A Systematic Review of Circulating miRNAs Validated by Multiple Independent Studies in Laryngeal Cancer.

Laryngeal squamous cell carcinoma (LSCC) is a common head and neck cancer with significant morbidity and mortality. Circulating microRNAs (miRNAs) have emerged as promising non-invasive biomarkers for cancer diagnosis and prognosis. This systematic review aims to identify circulating miRNAs associated with LSCC, emphasizing those validated by at least two independent studies to improve reliability and clinical applicability. An extensive literature search was performed in the PubMed, Scopus, and Web of Science databases up to October 2024, using keywords related to LSCC and circulating miRNAs.
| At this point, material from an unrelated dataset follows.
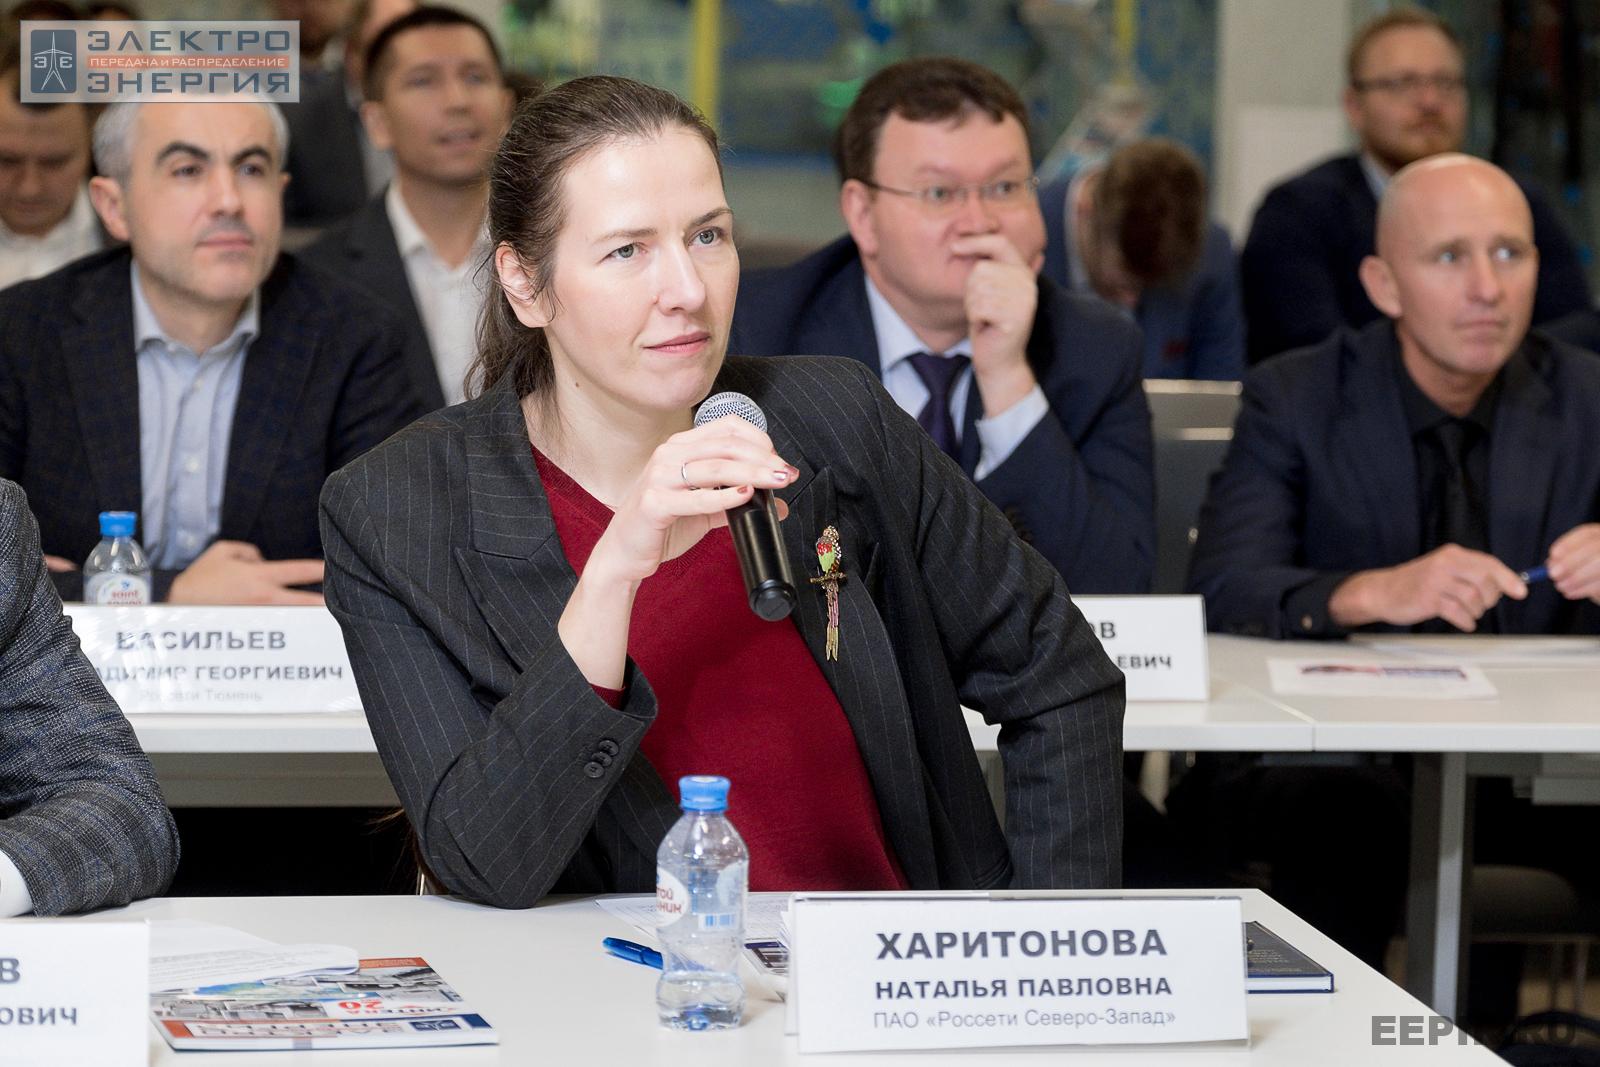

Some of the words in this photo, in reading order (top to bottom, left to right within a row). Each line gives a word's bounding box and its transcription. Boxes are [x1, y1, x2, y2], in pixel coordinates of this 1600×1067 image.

Studies involving human participants that provided quantitative data on circulating miRNA expression levels and their clinical correlations were included. Data extraction and quality assessment were conducted following standardized protocols, highlighting miRNAs reported in multiple studies. Nine high-quality studies encompassing 660 patients with LSCC and 212 controls were included. Several miRNAs were consistently identified across these studies. miR-21-5p was upregulated in four studies and associated with advanced disease stages, lymph node metastasis, and decreased survival rates. miR-125b-5p and miR-126-3p were consistently downregulated, linked to advanced clinical stages and poor tumor differentiation. miR-27a-3p was upregulated in two studies and correlated with poor prognosis, promoting LSCC progression by targeting Smad4. Additionally, miR-33a-5p was identified as a potential diagnostic biomarker with high sensitivity and specificity. These miRNAs show potential as non-invasive biomarkers for the diagnosis and prognosis of LSCC. This systematic review highlights specific circulating miRNAs-particularly miR-21-5p, miR-125b-5p, miR-126-3p, miR-27a-3p, and miR-33a-5p-as promising biomarkers for LSCC. The consistent findings across independent studies emphasize their potential clinical utility in early detection, prognostic assessment, and therapeutic targeting. However, further validation in larger and more diverse populations, along with the standardization of detection methods, is necessary before these biomarkers can be implemented in clinical practice.